> **WHAT YOU NEED TO DO**:
Produce a verbatim transcription of the entries, with all pictures omitted.

> **EXCERPTED RECORDS**:

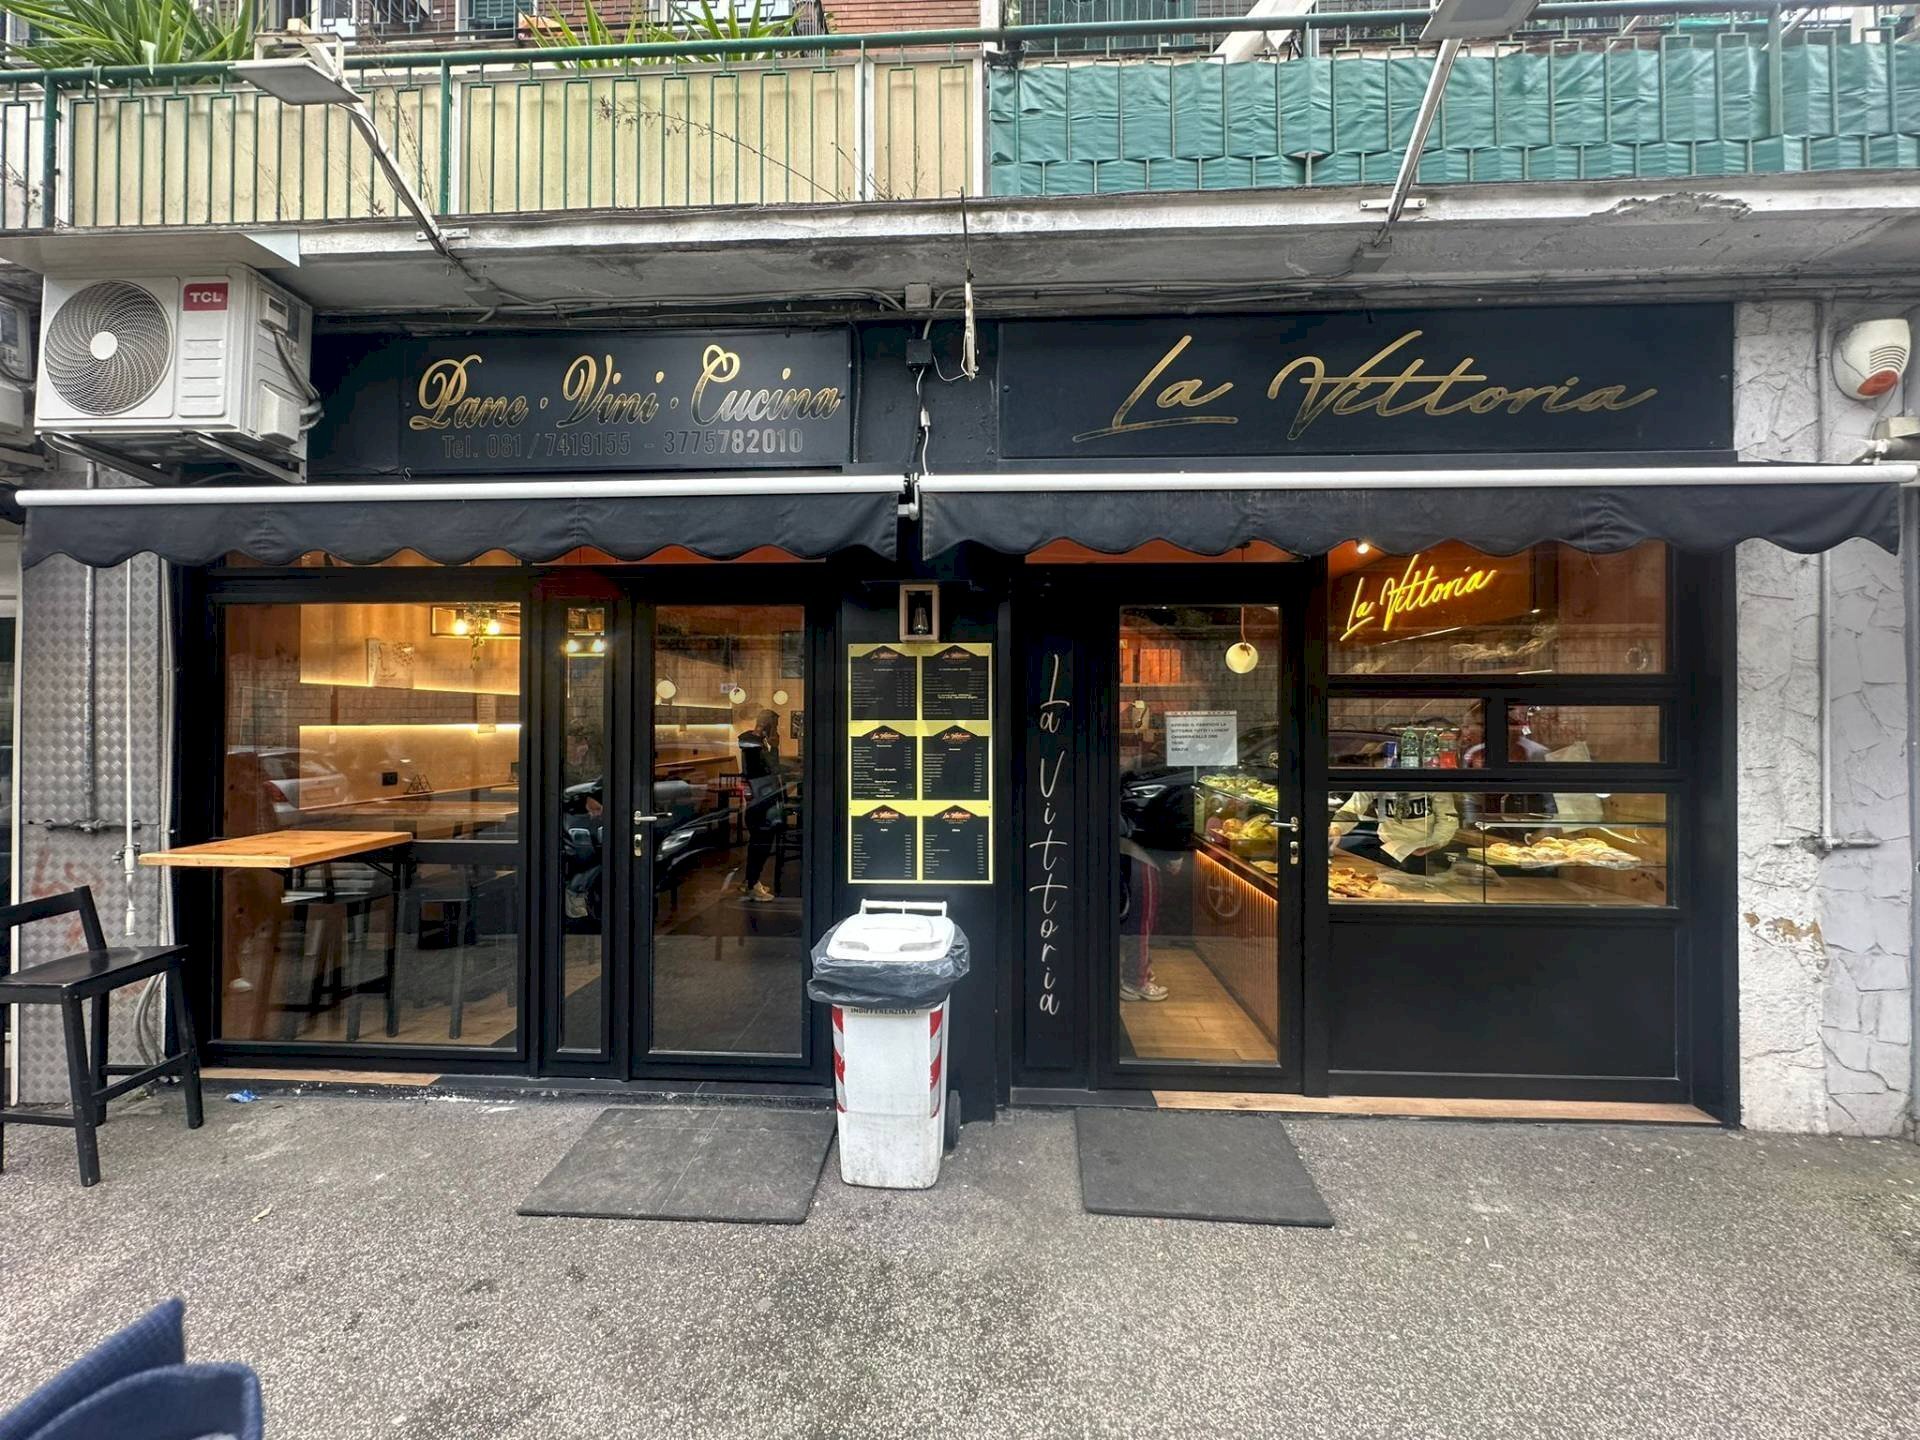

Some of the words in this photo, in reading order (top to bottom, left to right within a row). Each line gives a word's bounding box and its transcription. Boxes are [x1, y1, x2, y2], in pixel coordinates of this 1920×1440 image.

[189, 291, 222, 303] TCL
[409, 354, 530, 430] Pane
[556, 354, 665, 428] Vini
[691, 344, 842, 426] Cucina
[1072, 335, 1239, 443] La
[1267, 330, 1658, 440] Vittoria
[441, 435, 480, 458] Tel.
[663, 429, 804, 455] 3775782010
[1339, 577, 1376, 641] La
[1379, 553, 1498, 632] Vittoria
[1039, 654, 1070, 733] La
[1029, 750, 1068, 1016] Vittoria

> **RESULT OF THIS TASK**:
Some of the words in this photo, in reading order (top to bottom, left to right within a row). Each line gives a word's bounding box and its transcription. Boxes are [x1, y1, x2, y2], in pixel coordinates of this 1920×1440 image.

[189, 291, 222, 303] TCL
[409, 354, 530, 430] Pane
[556, 354, 665, 428] Vini
[691, 344, 842, 426] Cucina
[1072, 335, 1239, 443] La
[1267, 330, 1658, 440] Vittoria
[441, 435, 480, 458] Tel.
[663, 429, 804, 455] 3775782010
[1339, 577, 1376, 641] La
[1379, 553, 1498, 632] Vittoria
[1039, 654, 1070, 733] La
[1029, 750, 1068, 1016] Vittoria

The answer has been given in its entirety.